Sunday, February 21, 2016

Smoothing out the rough edges...

Sitting alone in the silence.  My favorite heating pad on my shoulders (I've been a little tense lately and they are a bit tight). Sipping on some of the best Rooibos tea I have had since leaving Germany (it's Bourbon Vanilla Rooibos and I got it at The Spicery in Kimmswick, if you are local).  I'm simply unwinding.

There are many things on my to do list, in fact it's seems longer than I have the hours to accomplish. This entire month has been absolute insanity! My Gator boy needed emergency surgery. The vet wasn't sure he was going to live, we go back Tuesday, I feel much better about things than I did two weeks ago.  Two weeks ago I was sitting around holding him and sobbing.  Afraid that our time together was coming to an end.  Today walking in the sunshine, with Sir Sniffs-a-lot... well it sure feels like we have a good amount of time left together.

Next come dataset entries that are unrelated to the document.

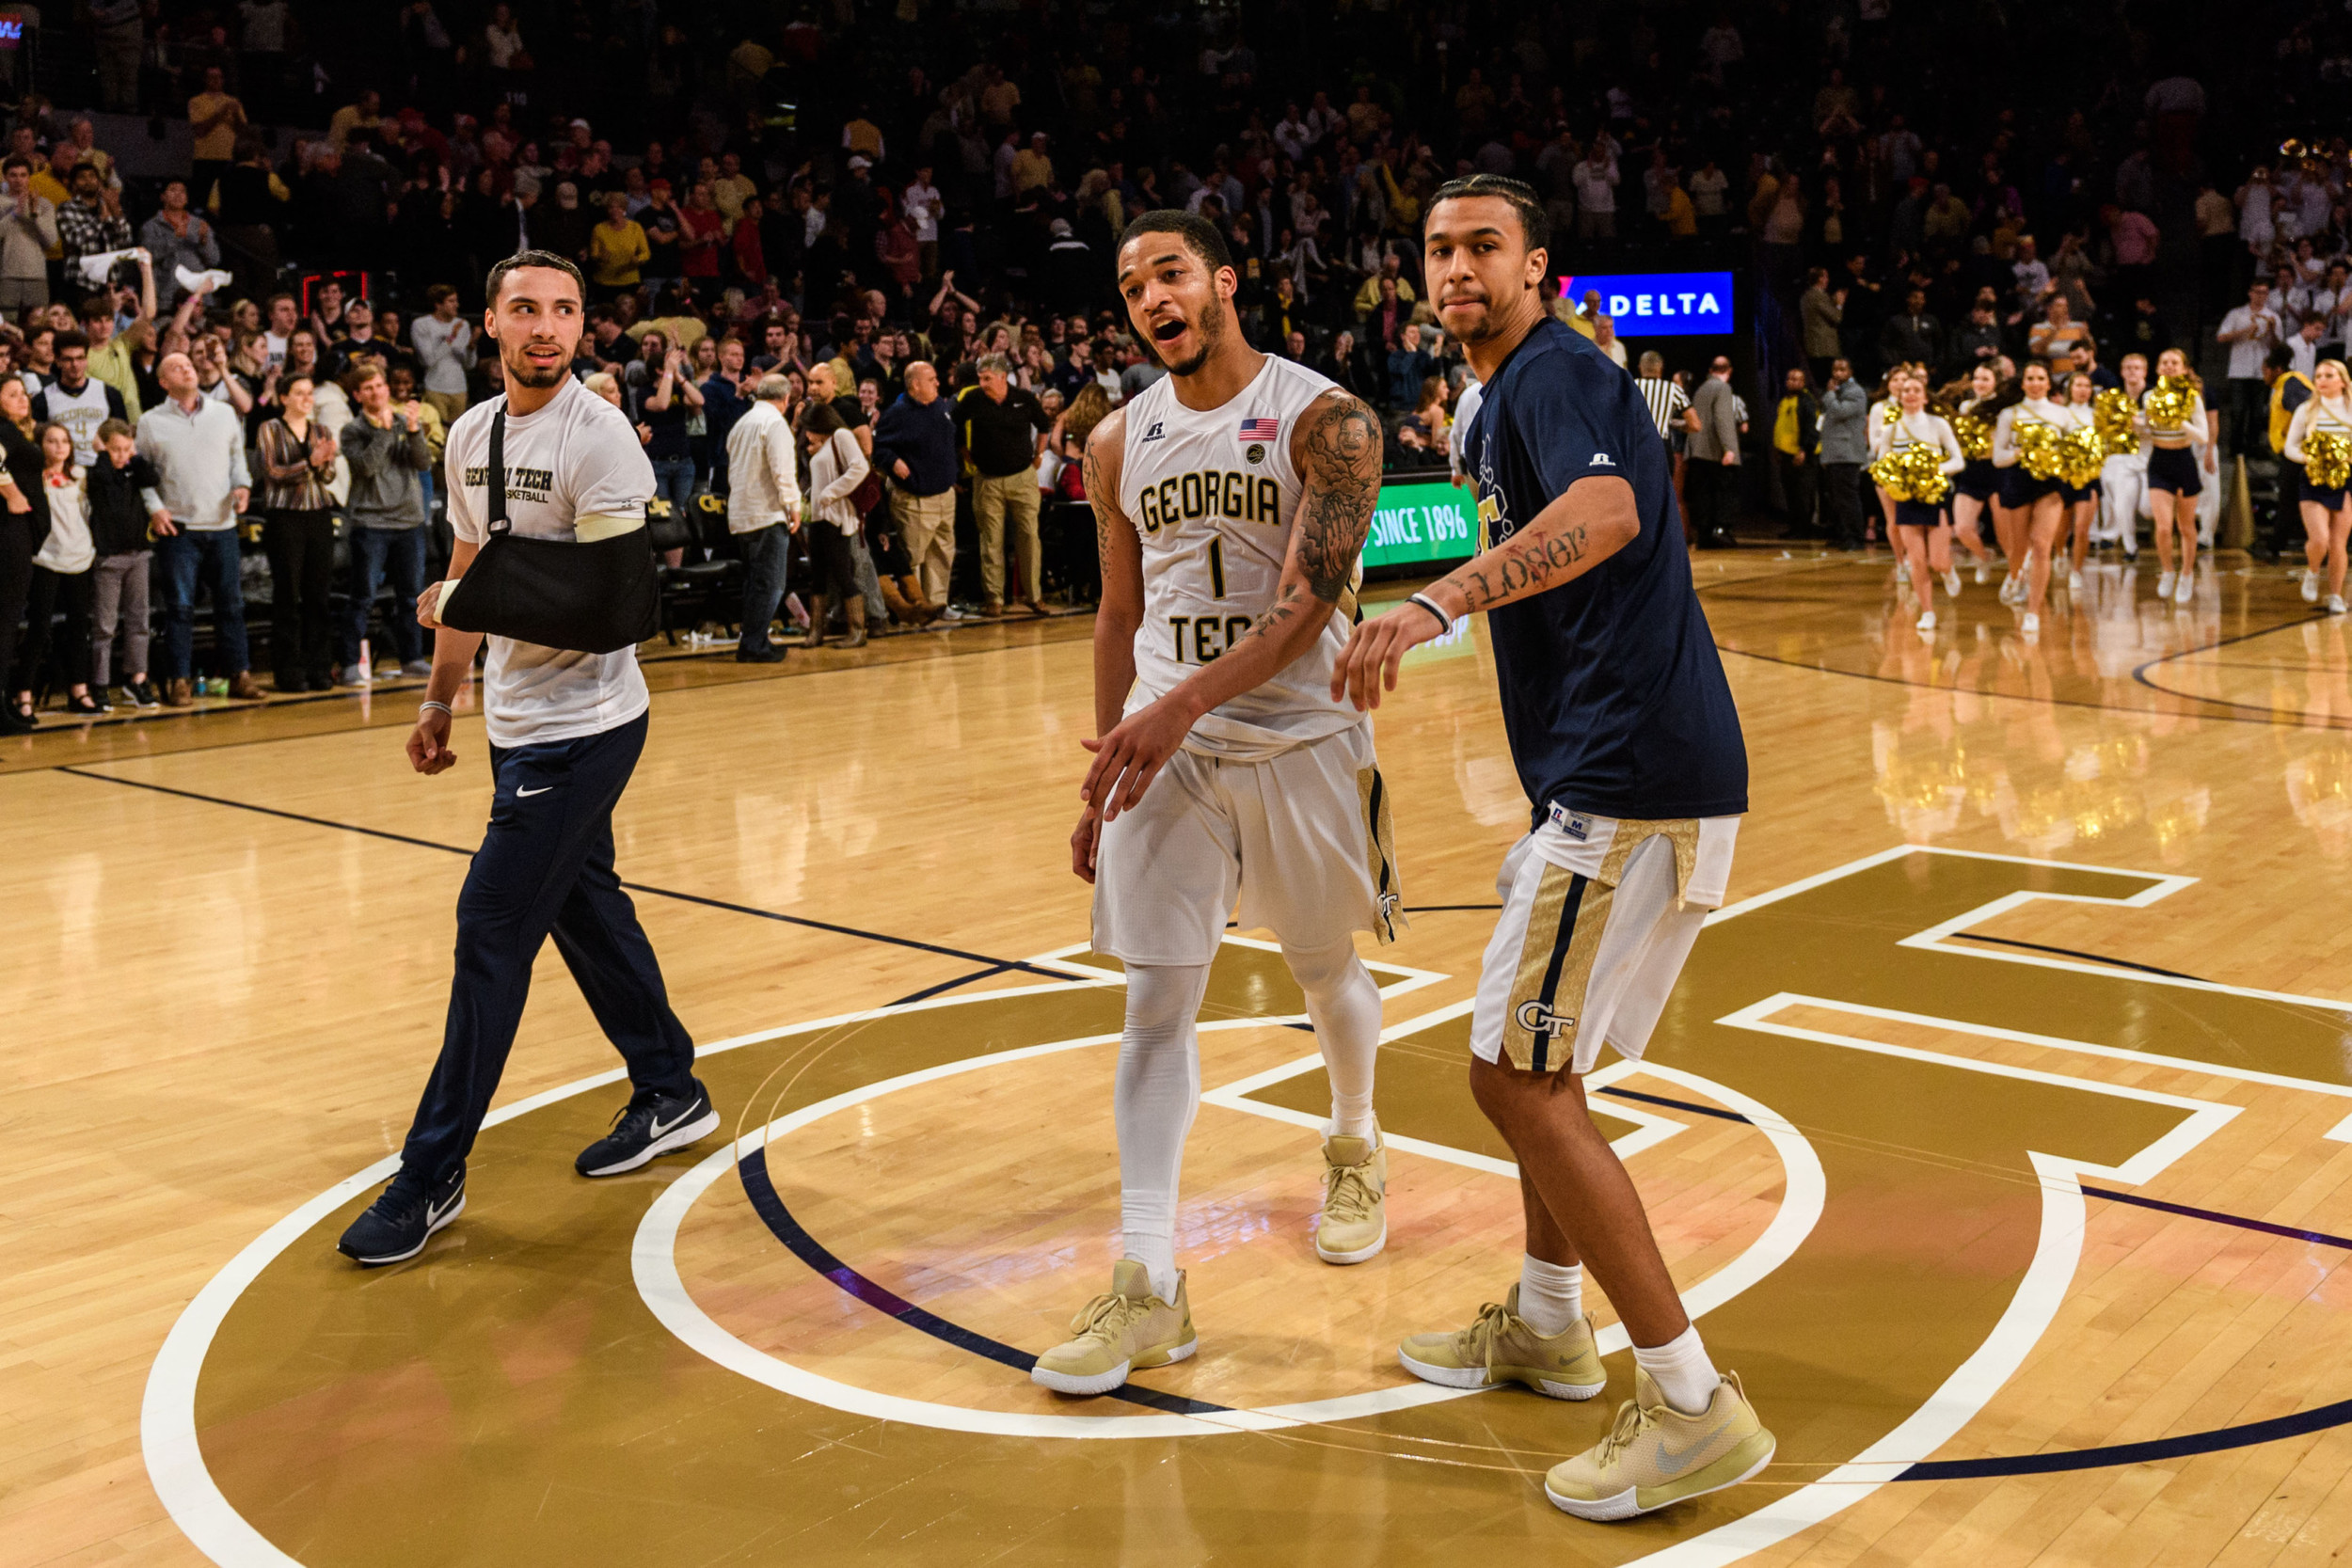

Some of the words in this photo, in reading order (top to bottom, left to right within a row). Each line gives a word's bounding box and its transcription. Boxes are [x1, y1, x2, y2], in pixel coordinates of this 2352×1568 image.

[1610, 293, 1720, 317] DELTA
[75, 420, 87, 438] 4
[516, 467, 553, 492] TECH
[505, 489, 548, 504] SKETBALL
[1139, 469, 1281, 533] GEORGIA
[1371, 507, 1422, 547] SINCE
[1422, 504, 1469, 542] 1896
[1208, 531, 1227, 603] 1
[1168, 616, 1263, 665] TEC
[1571, 819, 1582, 831] M
[1516, 1000, 1575, 1039] GT

I think that therapy is coming along good, although since we've added in weight bearing exercises, it's been pretty sore.  My mission is still to avoid surgery, praying I will be able to.  Frankly not a fan of anyone cutting me open.  Unfortunately since I have been working so hard on the left leg, the right foot is feeling the need for attention.  Getting old is definitely not for sissy's!

I feel like I have sort of been living at work.  Probably because I sort of have...  Hubs and I driving separate is definitely a double edged sword.  I might not have to go in super early on days I have to work late, but I am finding a whole lot of days its easier to stay later and later. I am not real good at drawing lines. Sometimes I need someone to take out a big crayon and draw them for me.

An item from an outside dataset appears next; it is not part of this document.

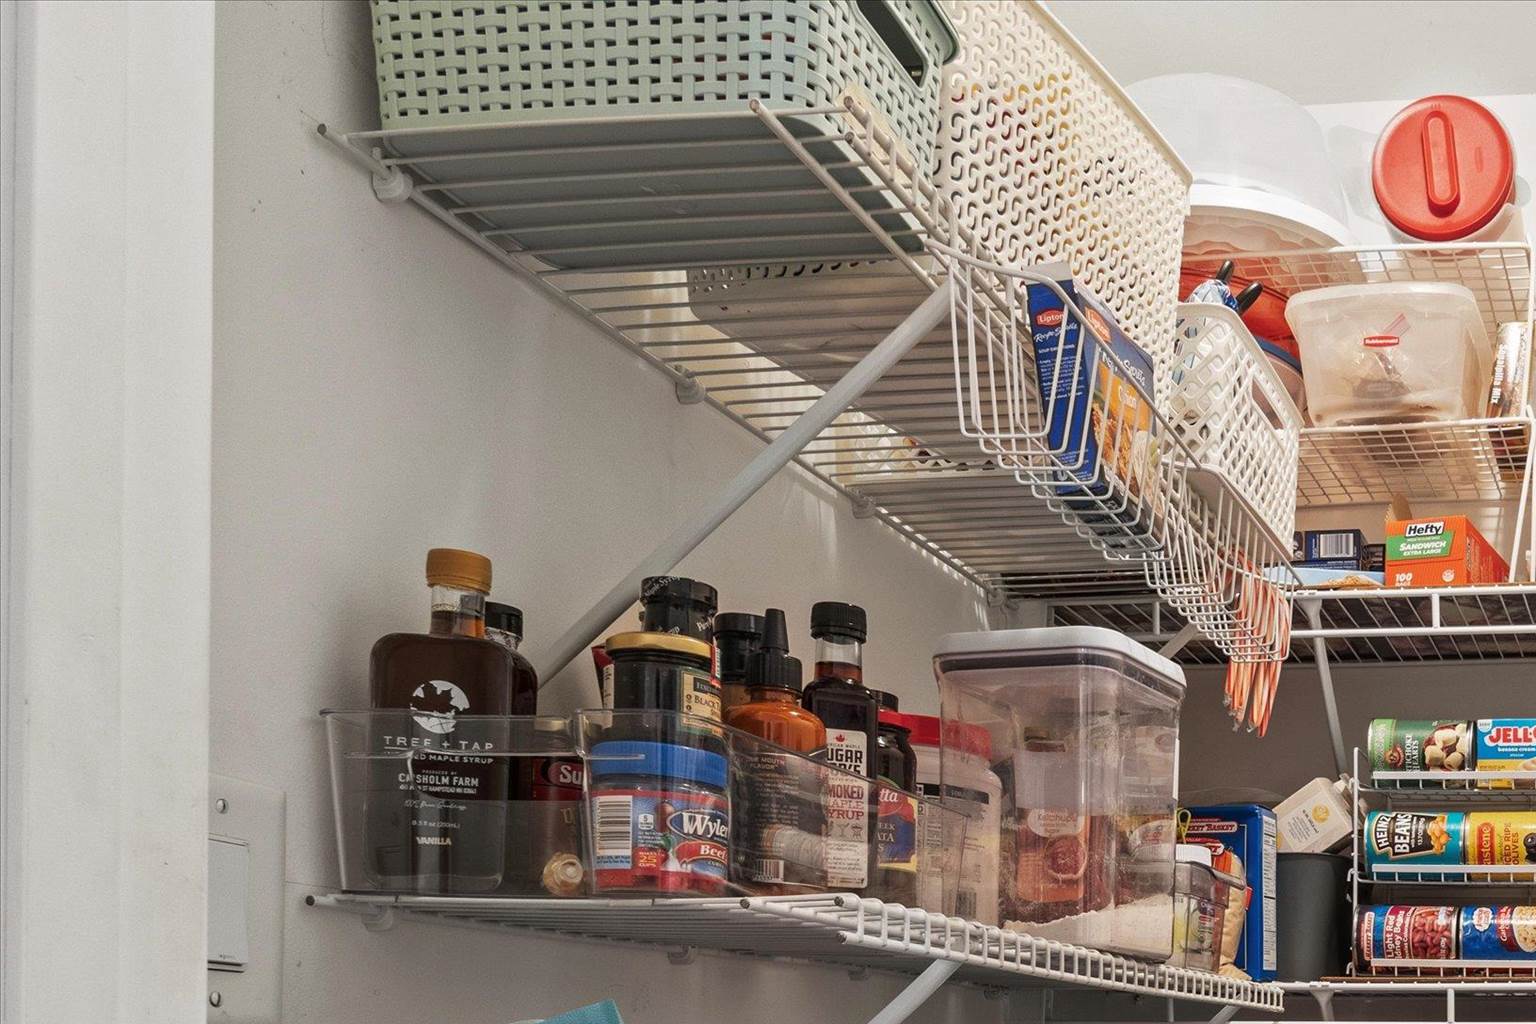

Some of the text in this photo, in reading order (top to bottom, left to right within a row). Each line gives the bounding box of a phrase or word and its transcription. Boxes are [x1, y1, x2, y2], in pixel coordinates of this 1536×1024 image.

Tonight marks my third day off.  I feel a bit unaccomplished.  My house is still needing attention, I could vacuum, hang up coats, dust, iron, empty the dish washer, and a few other things.  But... well, I didn't, and if it weren't for knowing that it will be March before I have a day off again... the laundry in the washing machine, well... lets just say I am pretty sure it wouldn't be happening.  Frankly, I'm tired.


God graced us with a beautiful weekend, the kind that are unheard of here in the Midwest in February.  Last week we had snow, this weekend we had a sneak preview of spring.


Very uncharacteristically, I spoiled myself.  I finally had my birthday massage, that was so relaxing - until the next day, note to self... you should never forget that no matter how good you feel you still have fibro.  YIKES!  Had lunch with Hubs and an early afternoon fabulous walk with my girl all before my late afternoon nap, and that was just on Friday!!  It's been a long time since I spent a day like that.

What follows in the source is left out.